Un turista egiziano in vacanza a Cefalù... per 24 ore

Il lavoro del Dipartimento Regionale Turismo, Unità Operativa di Cefalù, diffuso il 9 luglio, dipinge a tinte fosche il primo semestre di quest'anno. E' a due cifre la diminuzione percentuale di presenze straniere a Cefalù: -14,47 per cento, cioè quasi 26 mila giornate in meno; nel 2013, 153.207; nel 2012, 179.134 ed anche gli arrivi sono in rosso: 33.196 (34.509 da gennaio a giugno 2012).

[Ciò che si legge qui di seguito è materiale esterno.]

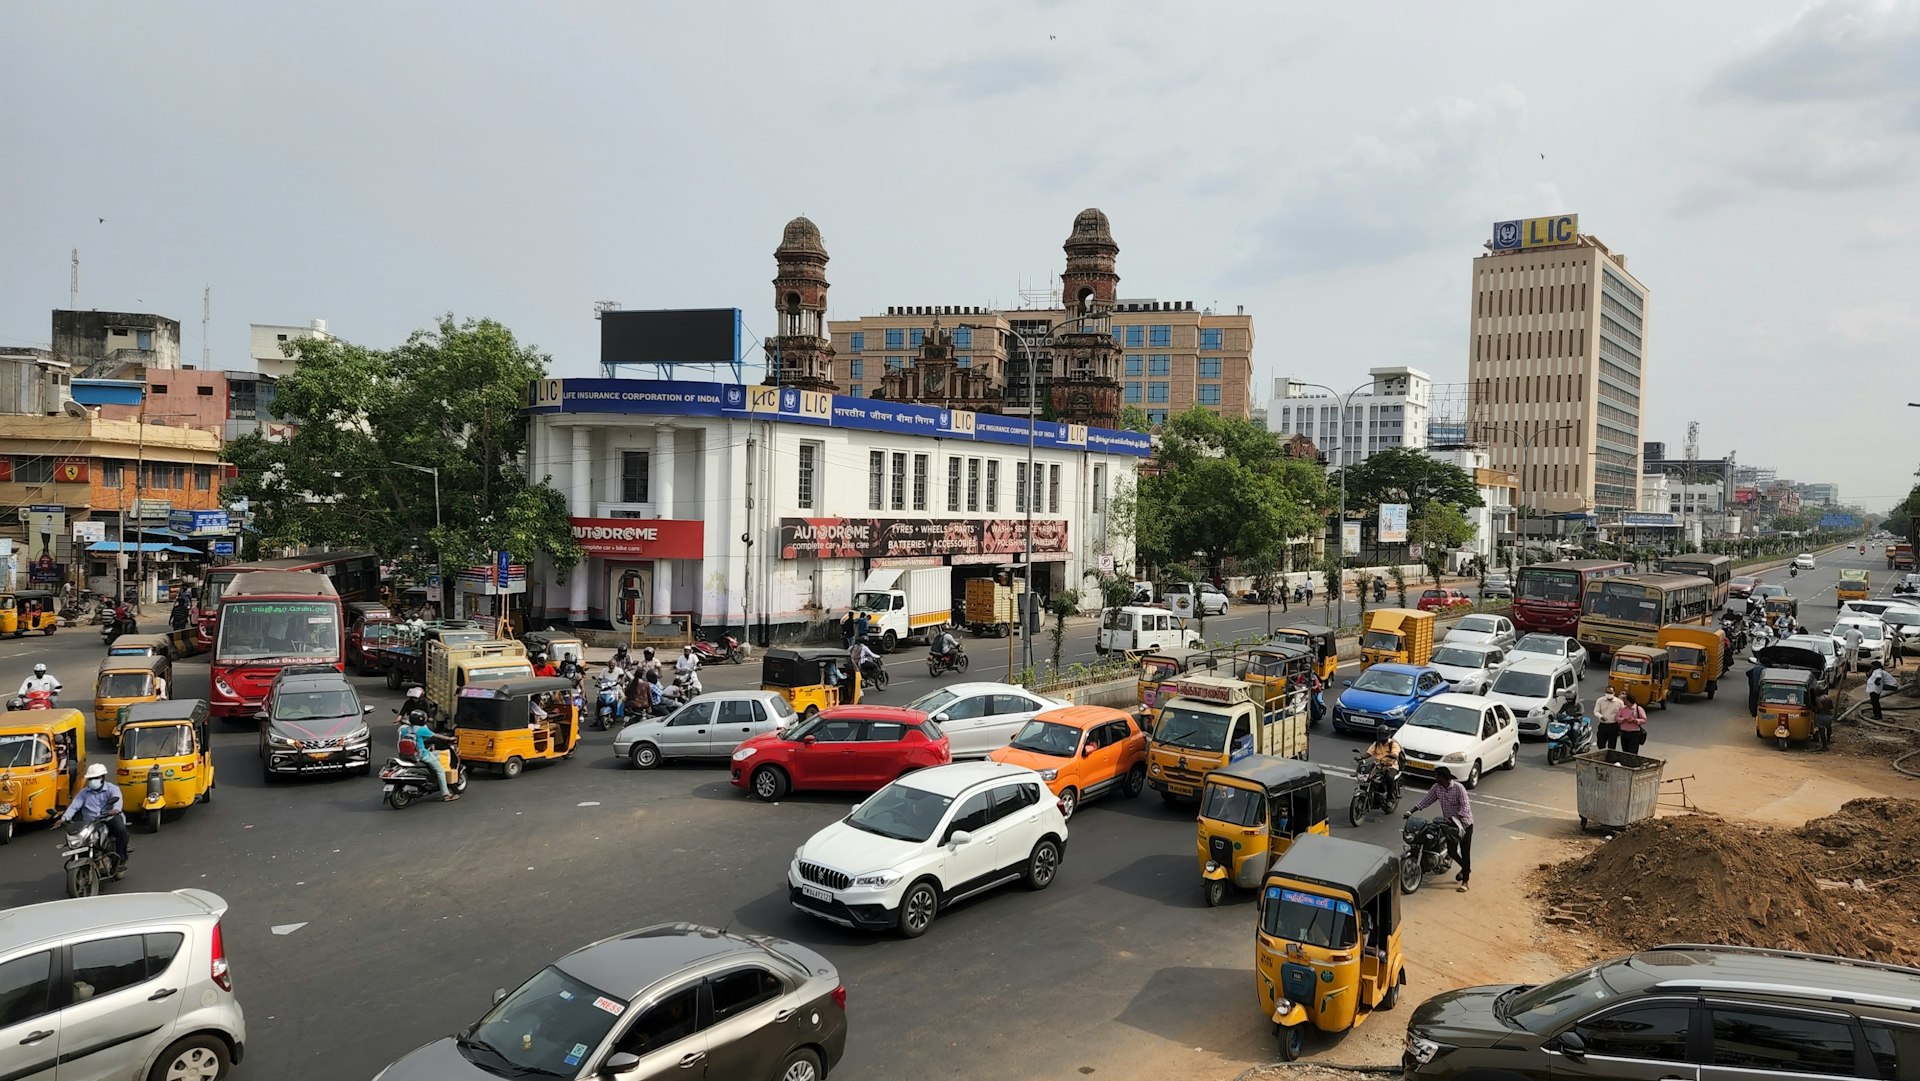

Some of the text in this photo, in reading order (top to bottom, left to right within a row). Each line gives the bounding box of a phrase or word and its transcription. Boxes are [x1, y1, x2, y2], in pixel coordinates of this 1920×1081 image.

[1530, 217, 1572, 244] LIC
[540, 380, 558, 401] LIC
[563, 391, 720, 403] LIFE INSURANCE CORPORATION OF INDIA
[752, 390, 776, 407] LIC
[805, 393, 827, 414] LIC
[834, 407, 935, 426] भारतीय जीवन बीमा निगम
[955, 411, 972, 431] LIC
[986, 425, 1009, 434] INSURANCE
[1010, 427, 1038, 437] CORPORAON
[1071, 426, 1085, 442] LIC
[892, 525, 974, 534] TYRES WHEELS PARTS
[991, 524, 1009, 533] WASH
[616, 544, 627, 552] bike
[793, 540, 869, 551] complete car bike care
[888, 539, 976, 549] BATTERIES ACCESSORIES
[232, 605, 239, 613] A
[241, 605, 246, 613] 1
[597, 999, 622, 1014] PRESS

All'aumento dei francesi (10.883 arrivi, 53.447 giornate di presenza), fa da contraltare la diminuzione dei tedeschi (7.194 arrivi, 38.132 presenze).
Diminuiscono gli inglesi: arrivi 1.795 (primo semestre 2012, 1.883), presenze 8.822 (9.938 nel 2012); quasi scompaiono le giornate di presenza a Cefalù degli svedesi, 4.243; erano state 11.761 nel 2012. Non portano beneficio 140 svizzeri in più perchè complessivamente diminuiscono le giornate di presenza: 5.274 (5.288 nel 2012) ed è veramente poca cosa il segno positivo dei turisti americani a Cefalù: 1.134 (16 in più del 2012 anche se le giornate di presenza sono aumentate di oltre il 23 per cento (2.616 contro 2.124).
Desta curiosità - visti i fatti recenti - l'arrivo di 1 turista egiziano... si è fermato solo 24 ore!
Le statistiche di Salvatore Solaro evidenziano il rosso fisso negli arrivi e nelle presenze a Cefalù degli italiani: arrivi, -12,08 per cento; presenze, -16,68 per cento.
I numeri: primo semestre 2013, arrivi 43.973, presenze 182.024; primo semestre 2012, arrivi 50.012, presenze 218.472. Permanenza media: 2013, giorni 4,14; 2012, 4,37.
Dopo la Sicilia, la regione più presente a Cefalù è la Lombardia (anche se sono diminuiti gli arrivi di quasi il 13 per cento e di oltre il 30 per cento le presenze); quella meno presente il Molise, appena 13 arrivi.